Why the traffic light supplementary budget is unconstitutional

As of: November 15, 2023 1:27 p.m

The Federal Constitutional Court has declared the second supplementary budget for 2021 unconstitutional and void. How the court argues and why the ruling could be groundbreaking.

The traffic light coalition has a massive problem with this decision. Because now it is missing 60 billion euros, which it has firmly planned for many climate protection projects – for example for the renovation of buildings or electromobility.

The 60 billion euros in question were originally intended to better deal with the serious consequences of the Corona crisis. An exception to the debt brake was made for this purpose, which is constitutionally permissible in emergencies.

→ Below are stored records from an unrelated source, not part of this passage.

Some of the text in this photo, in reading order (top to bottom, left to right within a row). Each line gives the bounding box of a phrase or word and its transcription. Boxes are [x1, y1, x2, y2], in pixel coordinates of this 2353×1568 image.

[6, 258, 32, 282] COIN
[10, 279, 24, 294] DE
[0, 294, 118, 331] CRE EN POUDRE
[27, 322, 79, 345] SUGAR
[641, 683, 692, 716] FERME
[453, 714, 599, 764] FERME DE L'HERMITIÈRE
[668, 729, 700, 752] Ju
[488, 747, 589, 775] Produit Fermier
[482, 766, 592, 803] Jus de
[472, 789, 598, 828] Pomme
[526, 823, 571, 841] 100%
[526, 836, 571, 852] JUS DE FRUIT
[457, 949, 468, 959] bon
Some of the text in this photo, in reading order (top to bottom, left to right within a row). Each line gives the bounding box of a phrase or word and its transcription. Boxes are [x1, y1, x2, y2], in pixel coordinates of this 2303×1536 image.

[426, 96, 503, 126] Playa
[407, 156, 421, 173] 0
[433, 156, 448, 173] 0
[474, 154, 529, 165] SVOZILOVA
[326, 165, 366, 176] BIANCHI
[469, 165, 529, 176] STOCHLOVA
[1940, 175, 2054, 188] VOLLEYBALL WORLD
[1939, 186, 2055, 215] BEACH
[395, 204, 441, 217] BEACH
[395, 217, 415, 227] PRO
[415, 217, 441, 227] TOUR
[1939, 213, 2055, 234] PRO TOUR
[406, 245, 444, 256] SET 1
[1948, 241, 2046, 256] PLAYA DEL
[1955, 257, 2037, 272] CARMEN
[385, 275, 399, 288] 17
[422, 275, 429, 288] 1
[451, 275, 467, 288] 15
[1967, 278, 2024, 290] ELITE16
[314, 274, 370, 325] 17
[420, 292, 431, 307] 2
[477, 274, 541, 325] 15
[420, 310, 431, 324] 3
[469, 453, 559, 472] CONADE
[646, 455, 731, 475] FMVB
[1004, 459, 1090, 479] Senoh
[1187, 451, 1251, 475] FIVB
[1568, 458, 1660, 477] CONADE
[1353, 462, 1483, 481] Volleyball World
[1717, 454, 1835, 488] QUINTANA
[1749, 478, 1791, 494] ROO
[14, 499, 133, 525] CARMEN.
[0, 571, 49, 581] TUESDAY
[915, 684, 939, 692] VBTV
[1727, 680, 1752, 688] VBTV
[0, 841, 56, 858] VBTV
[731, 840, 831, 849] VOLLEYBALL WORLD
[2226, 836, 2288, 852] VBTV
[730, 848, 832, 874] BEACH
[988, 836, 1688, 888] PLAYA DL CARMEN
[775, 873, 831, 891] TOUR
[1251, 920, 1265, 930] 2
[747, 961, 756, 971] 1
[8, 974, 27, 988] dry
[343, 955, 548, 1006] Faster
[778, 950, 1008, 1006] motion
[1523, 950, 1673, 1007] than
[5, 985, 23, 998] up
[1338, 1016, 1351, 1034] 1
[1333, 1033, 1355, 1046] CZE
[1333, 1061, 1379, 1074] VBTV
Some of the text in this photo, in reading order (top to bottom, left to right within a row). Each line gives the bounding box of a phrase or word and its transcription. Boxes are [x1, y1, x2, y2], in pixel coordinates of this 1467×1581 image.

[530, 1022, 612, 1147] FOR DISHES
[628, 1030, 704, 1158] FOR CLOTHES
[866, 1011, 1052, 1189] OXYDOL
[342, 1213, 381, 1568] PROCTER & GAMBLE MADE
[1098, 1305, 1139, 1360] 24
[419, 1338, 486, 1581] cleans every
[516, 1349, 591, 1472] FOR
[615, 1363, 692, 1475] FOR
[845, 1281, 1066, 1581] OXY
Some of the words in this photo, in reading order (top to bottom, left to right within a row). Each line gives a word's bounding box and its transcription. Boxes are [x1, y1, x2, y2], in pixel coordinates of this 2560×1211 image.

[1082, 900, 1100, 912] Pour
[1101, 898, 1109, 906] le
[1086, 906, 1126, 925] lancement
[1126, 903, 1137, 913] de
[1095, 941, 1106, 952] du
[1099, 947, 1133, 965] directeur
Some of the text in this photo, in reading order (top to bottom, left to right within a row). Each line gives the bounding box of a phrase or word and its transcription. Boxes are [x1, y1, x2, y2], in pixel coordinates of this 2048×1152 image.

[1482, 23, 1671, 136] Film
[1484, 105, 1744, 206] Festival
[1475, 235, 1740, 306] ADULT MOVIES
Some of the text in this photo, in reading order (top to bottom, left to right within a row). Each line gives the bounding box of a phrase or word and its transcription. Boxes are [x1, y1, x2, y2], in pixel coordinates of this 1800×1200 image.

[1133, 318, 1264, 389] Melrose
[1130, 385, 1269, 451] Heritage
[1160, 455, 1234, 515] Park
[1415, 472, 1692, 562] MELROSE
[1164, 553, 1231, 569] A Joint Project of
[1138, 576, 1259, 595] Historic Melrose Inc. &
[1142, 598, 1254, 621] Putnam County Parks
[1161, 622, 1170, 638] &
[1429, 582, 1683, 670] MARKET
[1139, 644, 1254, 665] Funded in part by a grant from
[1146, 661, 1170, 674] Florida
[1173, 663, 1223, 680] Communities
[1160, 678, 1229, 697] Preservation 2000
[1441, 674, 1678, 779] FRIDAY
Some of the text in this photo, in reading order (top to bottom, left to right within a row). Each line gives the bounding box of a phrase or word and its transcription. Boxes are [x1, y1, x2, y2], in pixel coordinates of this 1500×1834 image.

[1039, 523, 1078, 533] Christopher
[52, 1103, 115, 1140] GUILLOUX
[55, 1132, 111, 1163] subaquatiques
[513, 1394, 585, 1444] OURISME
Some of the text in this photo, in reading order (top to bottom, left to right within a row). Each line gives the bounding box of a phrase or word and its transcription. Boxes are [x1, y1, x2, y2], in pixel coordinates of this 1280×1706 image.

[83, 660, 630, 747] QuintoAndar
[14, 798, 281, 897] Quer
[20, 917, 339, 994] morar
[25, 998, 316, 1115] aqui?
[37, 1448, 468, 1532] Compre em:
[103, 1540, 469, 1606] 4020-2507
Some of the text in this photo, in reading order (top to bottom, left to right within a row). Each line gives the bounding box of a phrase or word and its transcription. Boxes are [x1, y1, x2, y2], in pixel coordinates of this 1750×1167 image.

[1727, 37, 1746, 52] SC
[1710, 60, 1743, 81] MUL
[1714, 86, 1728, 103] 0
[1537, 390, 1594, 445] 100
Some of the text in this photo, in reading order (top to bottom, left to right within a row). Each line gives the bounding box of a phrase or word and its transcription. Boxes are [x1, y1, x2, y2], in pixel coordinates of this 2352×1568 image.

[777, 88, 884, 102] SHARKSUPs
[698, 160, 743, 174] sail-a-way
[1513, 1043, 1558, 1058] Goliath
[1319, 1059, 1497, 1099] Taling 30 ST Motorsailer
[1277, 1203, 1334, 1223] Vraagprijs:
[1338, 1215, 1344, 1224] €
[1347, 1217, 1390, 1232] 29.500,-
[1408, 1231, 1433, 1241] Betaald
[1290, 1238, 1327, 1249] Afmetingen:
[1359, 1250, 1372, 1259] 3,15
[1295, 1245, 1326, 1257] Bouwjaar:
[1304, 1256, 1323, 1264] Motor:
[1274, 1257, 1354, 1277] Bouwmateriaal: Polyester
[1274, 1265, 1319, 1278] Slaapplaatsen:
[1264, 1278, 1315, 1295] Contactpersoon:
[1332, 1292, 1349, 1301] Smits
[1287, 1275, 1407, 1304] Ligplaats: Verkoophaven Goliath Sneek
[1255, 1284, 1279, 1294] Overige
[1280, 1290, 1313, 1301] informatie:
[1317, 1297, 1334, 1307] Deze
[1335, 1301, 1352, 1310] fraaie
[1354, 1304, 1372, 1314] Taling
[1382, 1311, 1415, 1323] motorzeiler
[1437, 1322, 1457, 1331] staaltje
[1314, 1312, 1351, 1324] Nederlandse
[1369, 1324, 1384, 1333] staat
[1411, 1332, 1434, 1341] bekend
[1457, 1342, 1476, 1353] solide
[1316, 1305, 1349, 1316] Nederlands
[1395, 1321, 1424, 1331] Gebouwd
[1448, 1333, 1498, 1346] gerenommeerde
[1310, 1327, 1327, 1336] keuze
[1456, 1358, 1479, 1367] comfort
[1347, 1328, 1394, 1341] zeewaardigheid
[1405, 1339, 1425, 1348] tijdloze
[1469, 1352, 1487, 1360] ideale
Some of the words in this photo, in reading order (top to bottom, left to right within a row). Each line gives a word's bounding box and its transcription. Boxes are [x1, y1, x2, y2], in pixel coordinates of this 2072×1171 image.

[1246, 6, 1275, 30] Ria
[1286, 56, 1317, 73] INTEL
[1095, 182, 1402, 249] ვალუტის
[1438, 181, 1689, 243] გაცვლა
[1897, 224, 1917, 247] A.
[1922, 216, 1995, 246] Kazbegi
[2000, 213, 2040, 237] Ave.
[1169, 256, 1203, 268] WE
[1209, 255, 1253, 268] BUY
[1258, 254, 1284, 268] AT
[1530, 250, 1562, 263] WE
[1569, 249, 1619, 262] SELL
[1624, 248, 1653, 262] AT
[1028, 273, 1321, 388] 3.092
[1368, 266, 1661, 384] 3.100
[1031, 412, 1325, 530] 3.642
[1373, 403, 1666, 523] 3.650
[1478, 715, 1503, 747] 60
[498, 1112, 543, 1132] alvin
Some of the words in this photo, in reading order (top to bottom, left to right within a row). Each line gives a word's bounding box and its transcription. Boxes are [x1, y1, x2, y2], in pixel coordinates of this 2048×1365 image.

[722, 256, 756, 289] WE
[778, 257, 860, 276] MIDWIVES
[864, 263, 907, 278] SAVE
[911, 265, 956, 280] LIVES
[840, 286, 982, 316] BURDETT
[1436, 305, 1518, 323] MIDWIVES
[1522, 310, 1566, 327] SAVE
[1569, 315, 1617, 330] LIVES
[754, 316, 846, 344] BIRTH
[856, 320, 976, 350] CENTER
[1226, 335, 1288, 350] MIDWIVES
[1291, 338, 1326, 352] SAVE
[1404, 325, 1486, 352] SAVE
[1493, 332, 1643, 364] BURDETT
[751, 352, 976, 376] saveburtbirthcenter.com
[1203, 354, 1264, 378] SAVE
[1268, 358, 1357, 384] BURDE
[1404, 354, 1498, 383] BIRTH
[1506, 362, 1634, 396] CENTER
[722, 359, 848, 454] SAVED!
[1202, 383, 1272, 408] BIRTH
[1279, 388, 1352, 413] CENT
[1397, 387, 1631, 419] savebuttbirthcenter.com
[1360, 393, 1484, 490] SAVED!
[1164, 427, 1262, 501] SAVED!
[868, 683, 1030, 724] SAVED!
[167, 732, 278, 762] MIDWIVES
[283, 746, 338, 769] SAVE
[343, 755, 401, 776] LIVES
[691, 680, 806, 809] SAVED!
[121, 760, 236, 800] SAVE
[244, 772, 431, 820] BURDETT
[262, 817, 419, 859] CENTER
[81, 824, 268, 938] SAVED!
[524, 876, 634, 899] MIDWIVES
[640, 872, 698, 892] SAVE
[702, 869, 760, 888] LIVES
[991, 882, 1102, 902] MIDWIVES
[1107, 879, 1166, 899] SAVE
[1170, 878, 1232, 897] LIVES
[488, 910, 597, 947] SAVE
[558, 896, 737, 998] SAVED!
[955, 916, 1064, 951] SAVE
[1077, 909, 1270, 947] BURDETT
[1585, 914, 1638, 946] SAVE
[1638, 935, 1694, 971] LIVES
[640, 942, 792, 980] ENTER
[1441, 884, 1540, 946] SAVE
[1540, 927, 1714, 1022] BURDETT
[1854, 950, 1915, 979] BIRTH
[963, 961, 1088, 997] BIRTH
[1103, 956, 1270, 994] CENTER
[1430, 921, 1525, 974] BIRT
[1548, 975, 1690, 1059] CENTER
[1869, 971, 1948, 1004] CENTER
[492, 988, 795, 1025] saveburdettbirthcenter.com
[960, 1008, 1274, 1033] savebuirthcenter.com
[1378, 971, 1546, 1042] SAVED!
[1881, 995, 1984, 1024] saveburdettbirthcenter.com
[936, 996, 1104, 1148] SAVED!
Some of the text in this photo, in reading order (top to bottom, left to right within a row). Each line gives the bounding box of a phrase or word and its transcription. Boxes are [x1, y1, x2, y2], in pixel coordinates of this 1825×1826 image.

Constitutional Court tilts Supplementary budget

However, the money was not spent during the pandemic. Last year, the traffic light coalition moved the 60 billion into a climate fund, the “Climate and Transformation Fund” (KTF). To this end, the Bundestag adopted a supplementary budget with the votes of the traffic light factions in 2022, retroactively for the 2021 financial year. The CDU/CSU faction sued against this. She considers the traffic light coalition’s actions to be unconstitutional.

The Federal Constitutional Court has now decided that the traffic light coalition’s actions violated the Basic Law. On the one hand, the legislature violated various principles that apply to the adoption of federal budgets.

Violation of several principles

One of these principles is: If the Bundestag passes a supplementary budget, then it cannot decide retroactively for the previous year, said the Vice President of the Federal Constitutional Court, Doris König. A supplementary draft must therefore be passed by parliament by the end of the relevant financial year: “A supplementary budget passed after its period of validity has expired in the following year is no longer a permissible and expedient instrument for retrospectively changing the completed budget implementation.”

Another point of criticism from the Constitutional Court: The legislature did not adequately justify the reallocation of the 60 billion euros to the climate fund. Background: The strict debt brake according to Article 115 of the Basic Law may only be deviated from in emergencies and crisis situations. Only then is greater new debt permitted.

If the legislature makes use of this, then it must explain its actions – that is, justify and explain – according to the Federal Constitutional Court.

Connection “not sufficiently explained”

The traffic light justified its budgetary maneuver in a relatively general way by saying that investments in climate protection projects were intended to mitigate the economic consequences caused by the corona pandemic. However, this was not enough for the Constitutional Court. The court requires that there be a connection between the crisis and the means used to address it. And the legislature must justify this connection very precisely.

But this did not happen here, said Vice President König. “In the present case, the legislature did not adequately explain the causal connection between the identified emergency situation and the crisis management measures financed by emergency borrowing. This applies in particular with regard to the necessity of the measures specifically planned with the Climate and Transformation Fund.”

Interpretation of the debt brake

According to the ruling, the supplementary budget law that the Bundestag passed last year is void because it was passed in an unconstitutional manner. The verdict now creates a huge financial gap. The coalition and the federal government will now have to explain how the 60 billion gap will be closed. If this does not succeed, investments in numerous climate protection projects would be called into question.

In addition, with its ruling, the Federal Constitutional Court decided for the first time how the debt brake in the Basic Law should be interpreted – and what conditions are attached if the legislature wants to deviate from it, i.e. want to incur more new debt than is usually permitted.

If the legislature takes this route in an emergency situation, it will have to justify it very carefully in the future.